Functional/acceptance tests verify that the system behaves as it is accepted to behave. If you want to be comprehensive, you may want to test more than just the results of queries that are returned to callers, but also verify internal state, persistent stores, and logs.

It is very important to test how the system behaves under various failure modes and not just test the happy path.

Performance, stress, and load testing are very important for large systems. If there are SLAs (service level agreements) in place, those SLAs are actually business requirements and should be considered part of acceptance testing. However, even if there is no official SLA, every system has to be able to handle its load, and you need to test it. Even if you run in the cloud, with its infinite capacity, and your system is designed to dynamically take advantage of cloud resources, you still need to test your system’s performance. First, it’s difficult to build a fully dynamic system. Second, you can run into cloud provider limits and quotas, and finally, you don’t want to just throw hardware at your problems because you have to pay for it.

Regression testing is all about ensuring that changes to your code don’t break expected behavior. The tests run the new and old code on the same inputs (sometimes randomly generated inputs) to ensure you get the same results.

What’s the difference between integration testing and end-to-end testing?

In the previous lesson, we focused on unit tests, and in this lesson, we are focusing on end-to-end tests.
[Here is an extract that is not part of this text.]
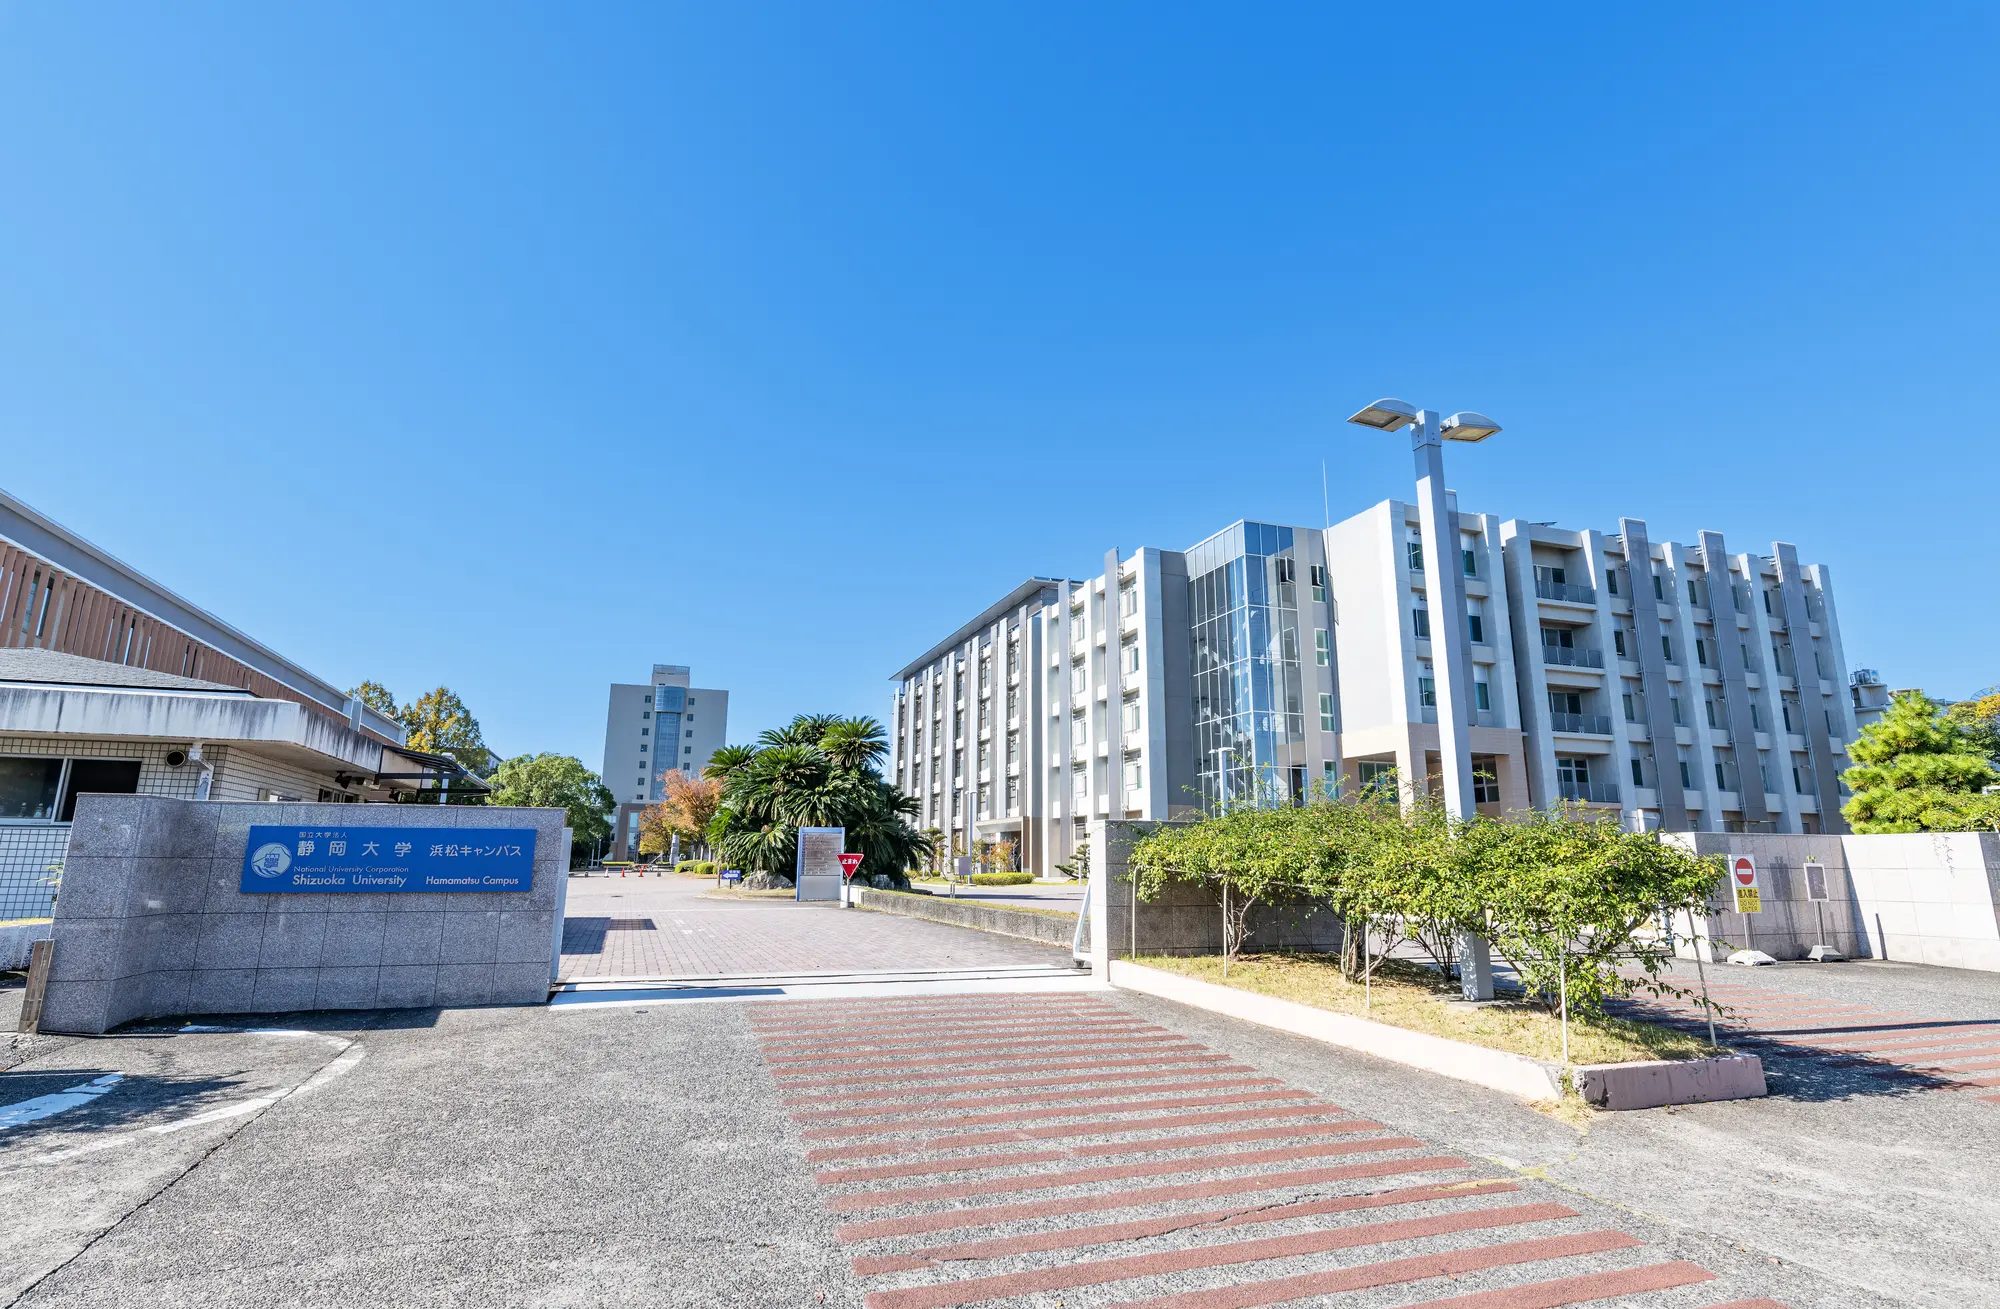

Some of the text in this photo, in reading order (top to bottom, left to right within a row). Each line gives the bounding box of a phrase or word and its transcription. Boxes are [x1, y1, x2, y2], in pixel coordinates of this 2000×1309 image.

[298, 831, 348, 839] 国立大学法人
[297, 840, 522, 858] 静岡大学 浜松キャンパス
[293, 865, 409, 874] National University Corporation
[292, 874, 519, 888] Shizuoka University Hamamatsu Campus
Integration tests live in the middle. They test several units or modules that interact with each other and sometimes also involve third-party dependencies. They are very useful for complex systems. Integration tests often require a lot of configuration and setup to hook up the modules under test and mock the other dependencies. End-to-end tests on the other hand, test the complete system from the outside.

Writing end-to-end tests for Multi-git

For multi-git, we will focus on functional/acceptance tests. As a thin layer on top of git, there isn’t a lot of value from performance tests. Regression tests are not very useful either as this is mostly a personal project for demonstration purposes.
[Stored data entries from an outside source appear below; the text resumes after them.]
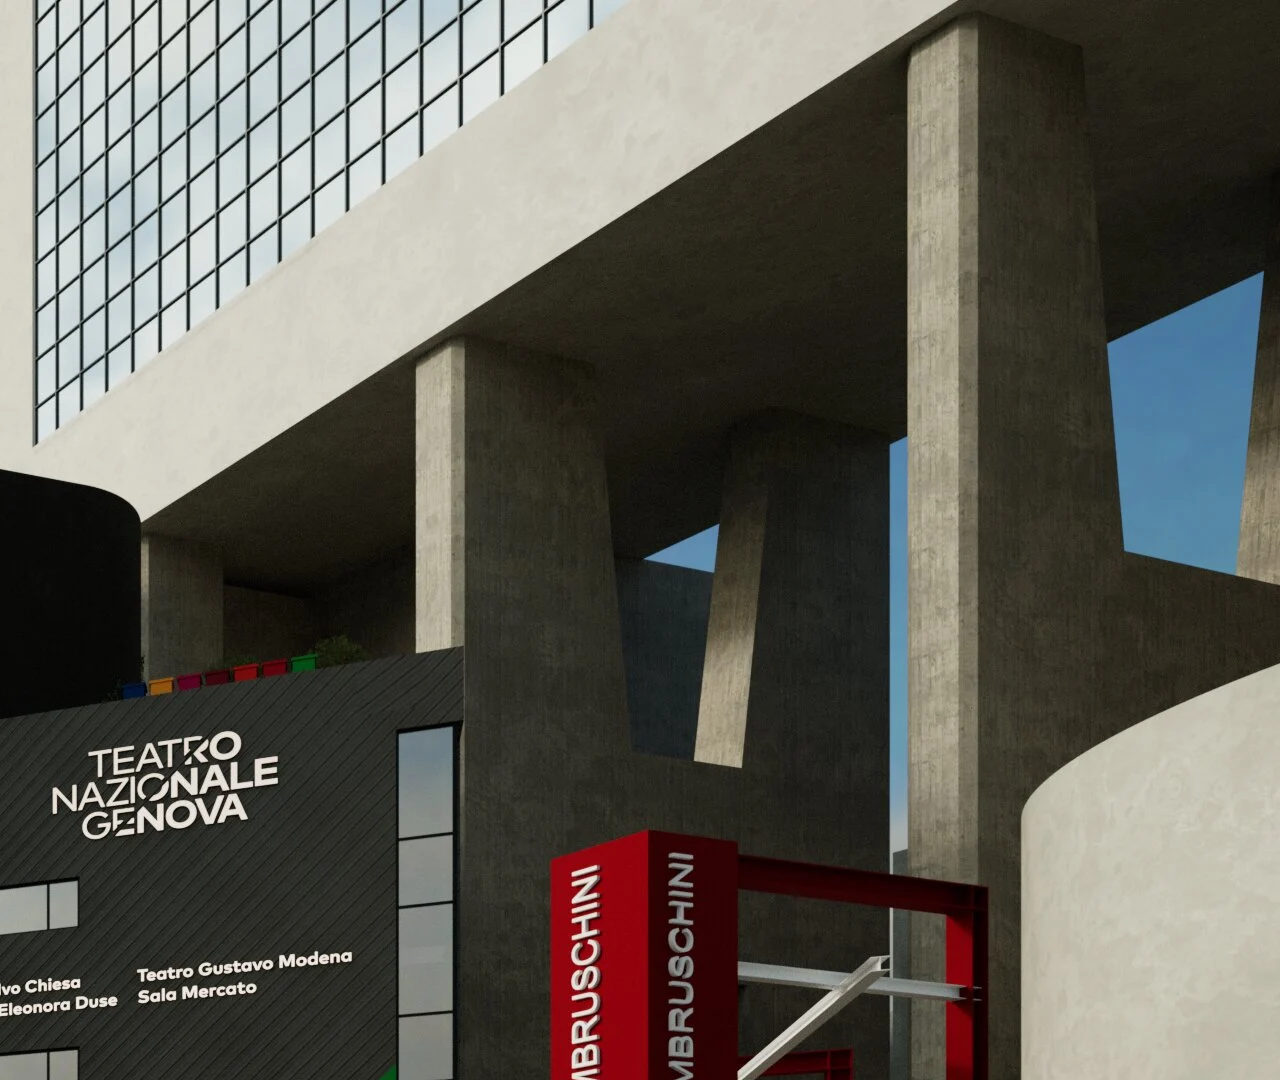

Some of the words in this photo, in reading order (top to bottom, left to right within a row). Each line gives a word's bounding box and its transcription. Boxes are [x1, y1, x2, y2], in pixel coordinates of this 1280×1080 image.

[88, 731, 241, 778] TEATRO
[52, 756, 279, 814] NAZIONALE
[82, 793, 248, 840] GENOVA
[137, 966, 194, 982] Teatro
[198, 959, 274, 977] Gustavo
[278, 951, 353, 968] Modena
[25, 977, 81, 993] Chiesa
[137, 988, 177, 1004] Sala
[181, 982, 258, 1000] Mercato
[75, 996, 118, 1010] Duse
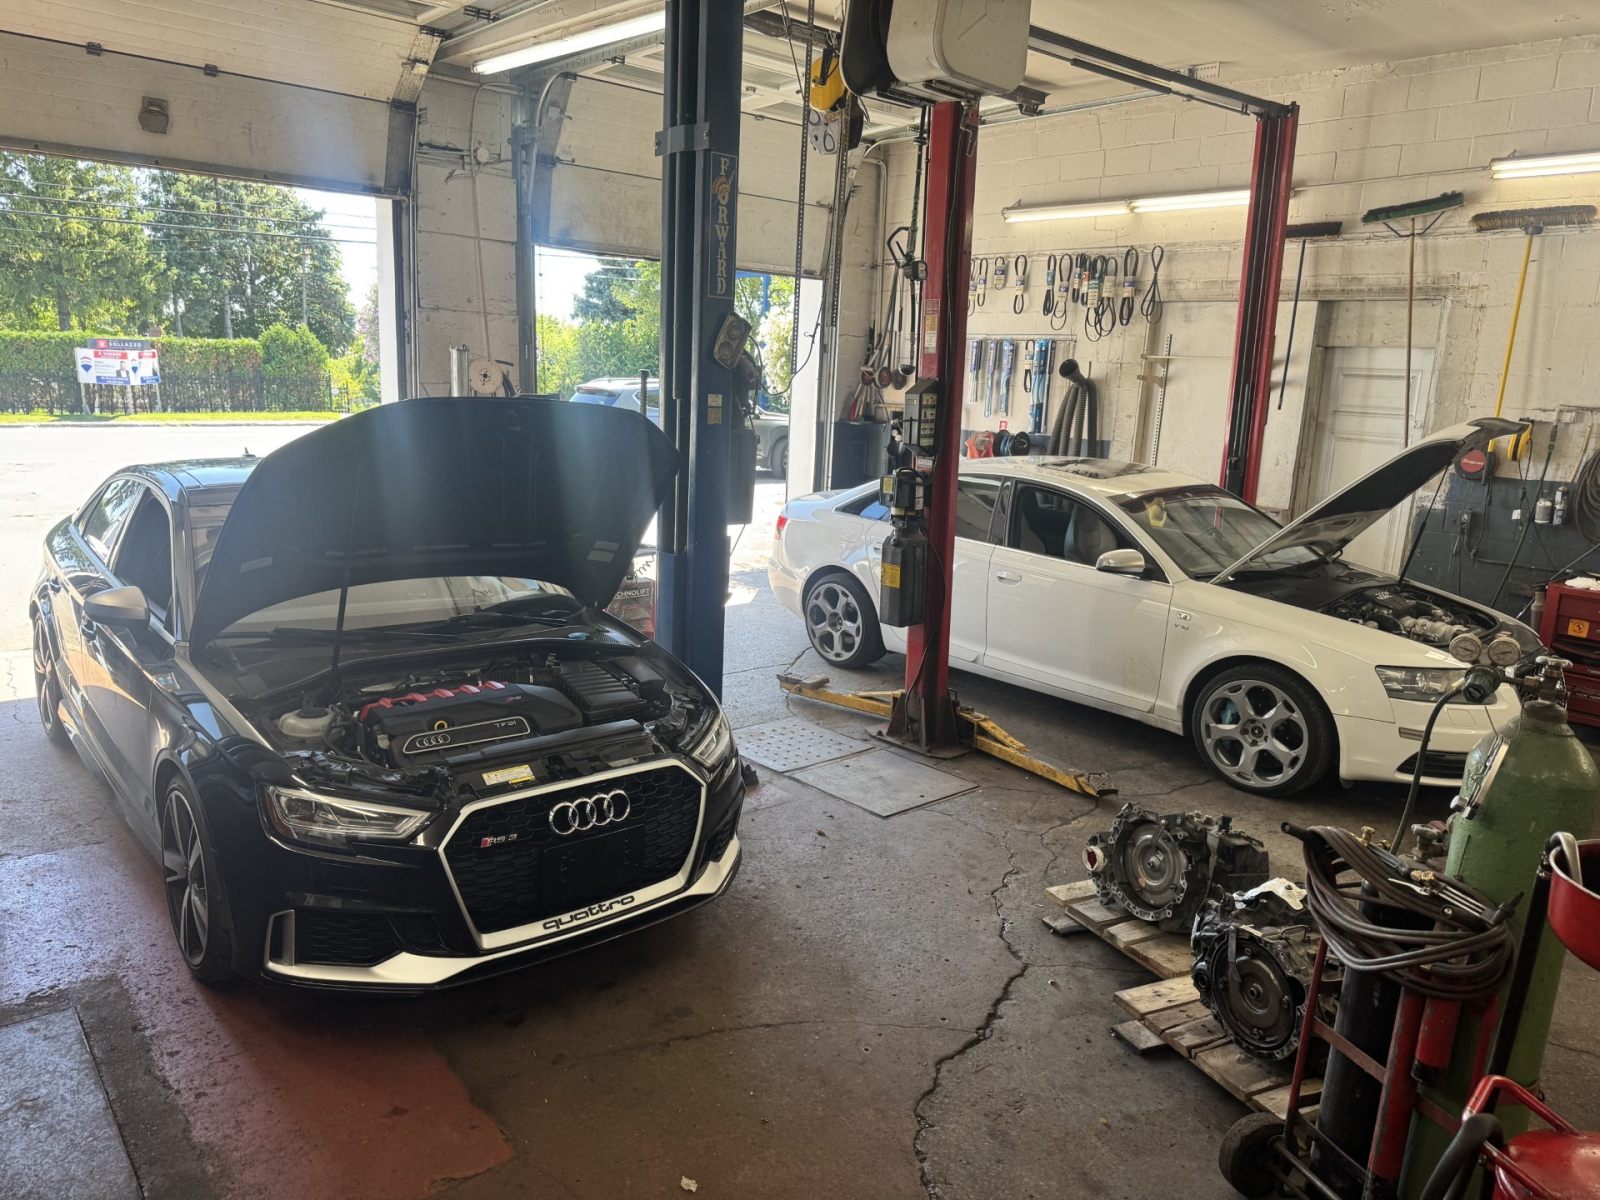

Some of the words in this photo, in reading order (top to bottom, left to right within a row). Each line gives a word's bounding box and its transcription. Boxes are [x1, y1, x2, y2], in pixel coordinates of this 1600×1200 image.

[715, 157, 731, 295] FORWARD
[615, 588, 650, 598] CHNOLIFT
[494, 720, 517, 728] TFSI
[542, 895, 635, 930] quattro
How to write an end-to-end test?

The idea is to access the program like a user would and then verify the response. For a command-line program like multi-git, this process involves:

  • Setting proper environment variables
  • Invoking multi-git with proper command-line arguments
  • Checking the output

To perform all these tasks, we can add a helper function to the helpers package.
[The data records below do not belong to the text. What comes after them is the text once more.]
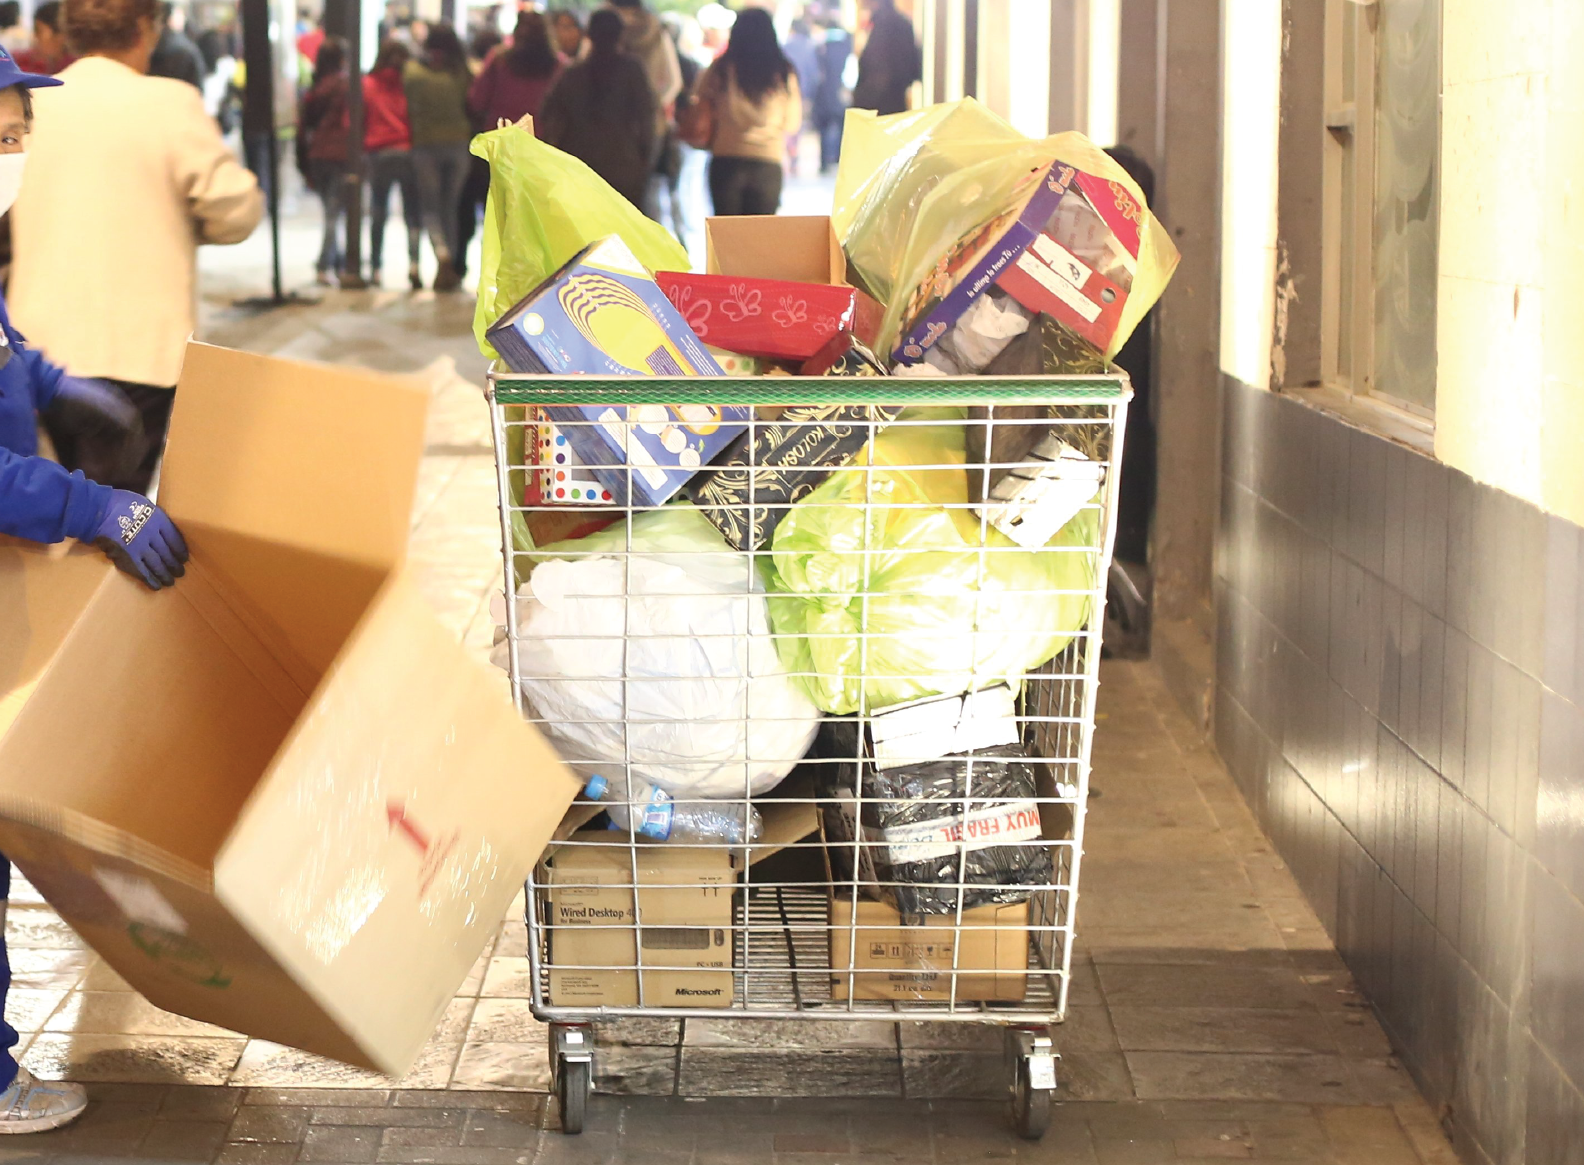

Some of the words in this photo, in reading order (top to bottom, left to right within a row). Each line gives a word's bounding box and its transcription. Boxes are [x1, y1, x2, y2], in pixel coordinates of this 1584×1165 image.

[777, 425, 825, 475] KOLOSH
[1004, 810, 1040, 832] MUY
[560, 907, 586, 918] Wired
[588, 907, 624, 921] Desktop
[675, 988, 722, 996] Microsoft
Extending the helpers package

The helpers package already has two useful functions, CreateDir() and AddFiles(), that we’ve used in the repo_manager unit tests. Let’s add a RunMultiGit() function. This function takes an input the git command to run, the ignoreErrors Boolean flag that determines if multi-git should bail out on the first error or continue to other repos, the root directory multi-git operates on, and the list of sub-directories to work on. It returns the output of the command for each repo or an error:

func RunMultiGit(command string, 
                 ignoreErrors bool, 
                 mgRoot string, 
                 mgRepos string) (output string, err error) {

RunMultiGit() requires that mg, the name of the multi-git executable be in your PATH. It checks it using the which mg command. If it’s not in the PATH, you get an error:

    out, err := exec.Command("which", "mg").CombinedOutput()
    if err != nil {
        return
    }

    if len(out) == 0 {
        err = errors.New("mg is not in the PATH")
        return
    }

The next part is preparing the command-line arguments for multi-git. The --command argument is mandatory. If ignoreErrors is true, it adds the --ignoreErrors command-line argument:

    components := []string{"--command", command}
    if ignoreErrors {
        components = append(components, "--ignore-errors")
    }

The next part prepares the exec.Command for mg and then adds the MG_ROOT and MG_REPOS environment variables to the command environment.


    cmd := exec.Command("mg", components...)
    cmd.Env = os.Environ()
    cmd.Env = append(cmd.Env, "MG_ROOT="+mgRoot, "MG_REPOS="+mgRepos)

Next, it runs the command and captures both the standard output and standard error using the CombinedOutput() method. Finally, it converts the output from a byte array to a string and returns.

    out, err = cmd.CombinedOutput()
    output = string(out)
    return
}

Note that RunMultiGit() doesn’t deal with directories or files. This is the responsibility of the tests themselves.